Visitors to Household Gods are encouraged to “embrace and extend the artists’ own imaginations on the emotional impact of the environment around us”. For Jeannie Wu, one way that can carry on even after the exhibition has closed is through the unique exhibition publication the artists created.

“To be very honest, I don’t really enjoy doing art exhibitions,” she admits. “I struggle because I value exhibitions as an opportunity for the artists to gain exposure and have a reference point to evolve, but at the same time I feel like it has reached its limits as a mode or means of expression.

“This exhibition is unique and was a breakthrough for me because of the way everyone engages with one another, as well as the creation of our exhibition catalogue. An exhibition catalogue is the only truly tangible thing that documents what’s happening at a particular time, but in a way it can never really replace the in-person or real-time experience. But we rethought what contemporary art is and what a contemporary art exhibition could be, that’s why we have the exhibition publication. It’s not an ordinary exhibition catalogue—it’s a standalone creative work from the artists. It doesn’t have images of the artwork”.

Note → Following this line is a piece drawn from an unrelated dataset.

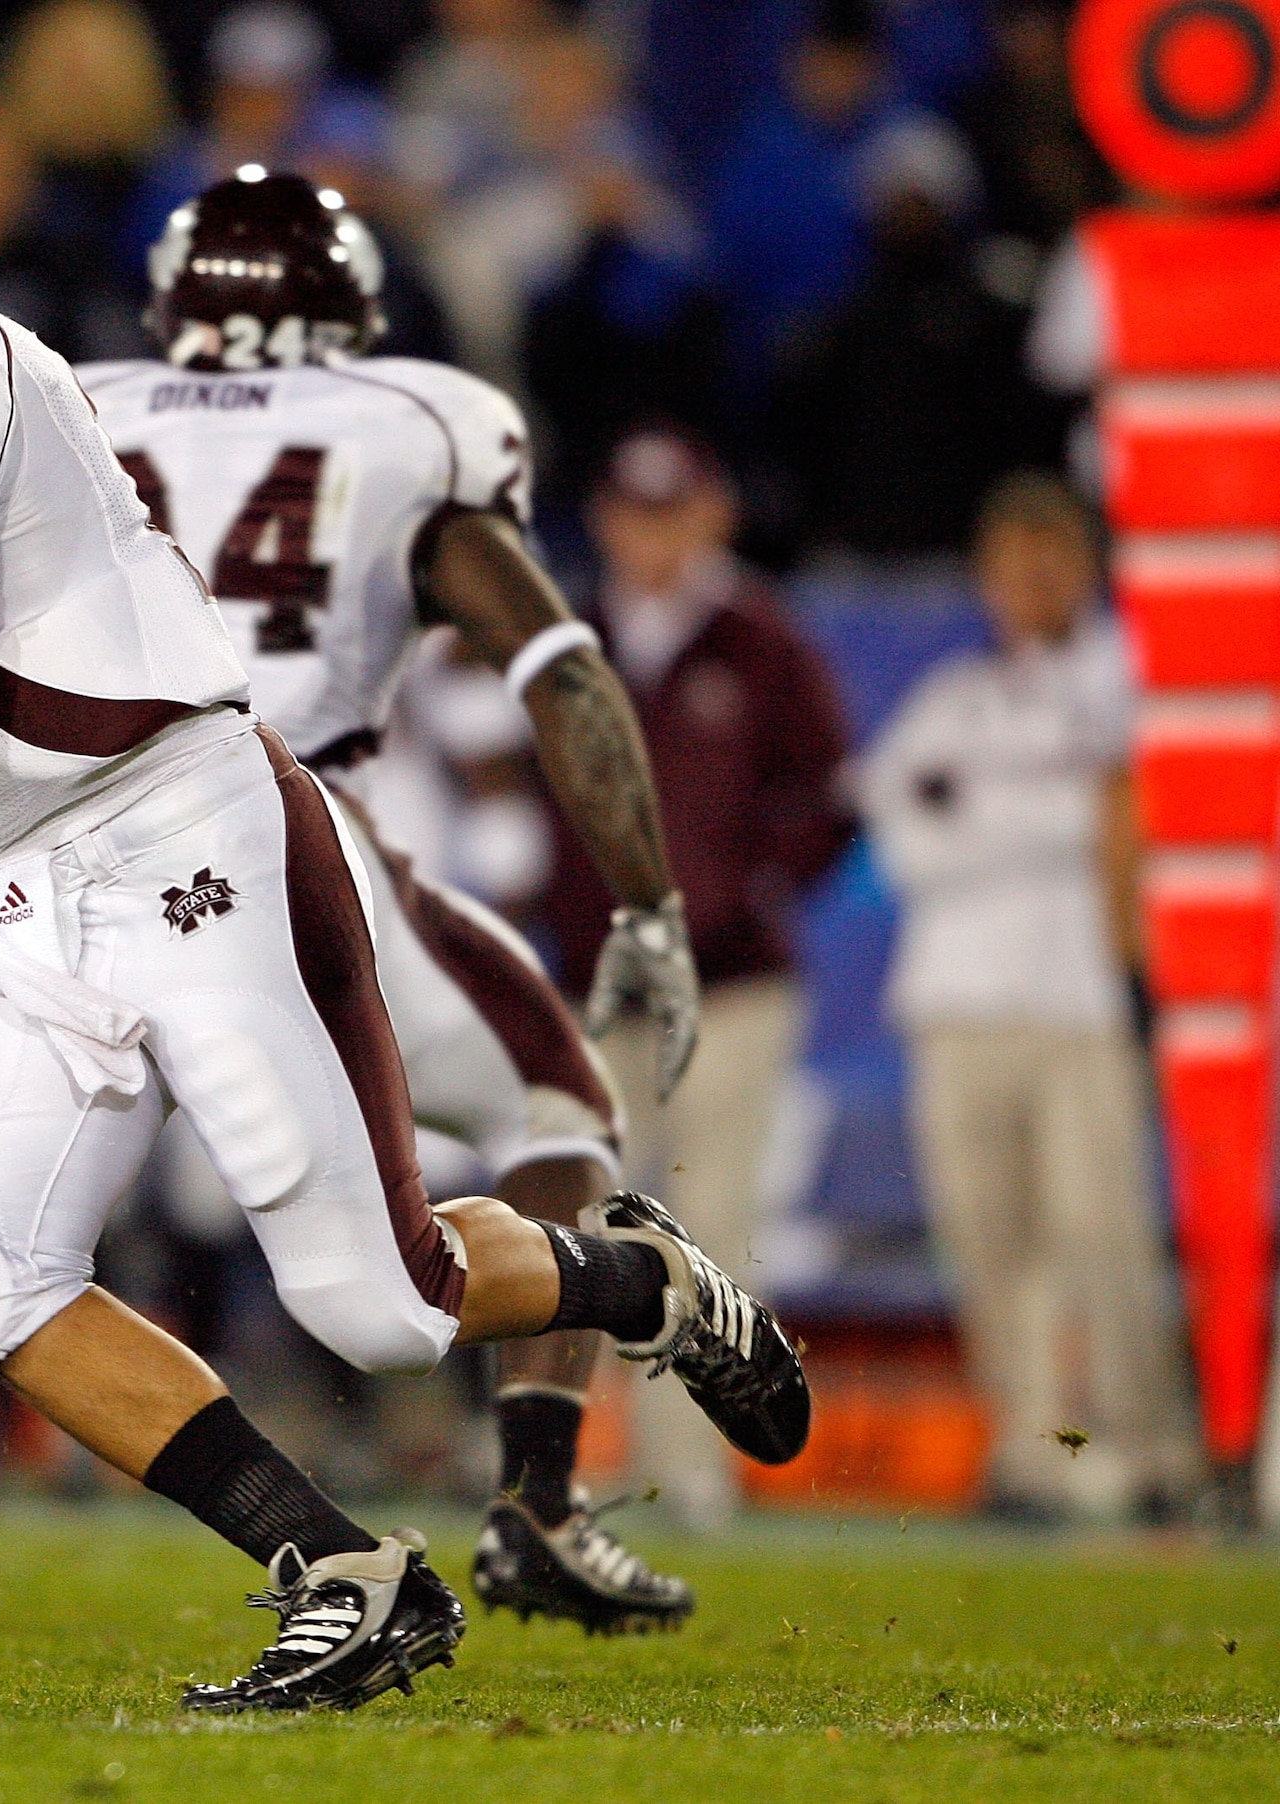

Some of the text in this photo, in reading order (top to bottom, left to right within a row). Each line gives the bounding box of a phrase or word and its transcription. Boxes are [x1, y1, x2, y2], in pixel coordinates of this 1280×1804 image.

[221, 313, 306, 370] 24
[147, 381, 272, 413] DIXON
[173, 886, 222, 919] STATE

By pushing the boundaries of what an art exhibition can be, Jeannie Wu also hopes to also change the way Hong Kong people approach contemporary art. “In general the people of Hong Kong, no matter their social strata, have a shallow approach to contemporary art, which makes me feel very helpless. They see the art but they don’t and can’t approach it, as if there is a thin layer of cling film binding them,” she says. “Hong Kong people have this habit where they walk into an exhibition and ask, ‘What does this artwork mean?’ Why do people expect that everything has a specific answer to it or expect that artists must have a message they want to deliver through their art? Can’t there just be no reason at all?”

Jeannie Wu may not have all the answers. But there’s no doubt she will continue to promote HART as a platform to bring different voices and viewpoints together in the spirit of unity and connection. And if the audience leaves an exhibition like Household Gods having broken through the thin cling film that binds them, then all the better. 

Household Gods is on from 30 September to 21 November 2020 at HART Hall, G/F, H Queen’s, 80 Queen’s Road Central.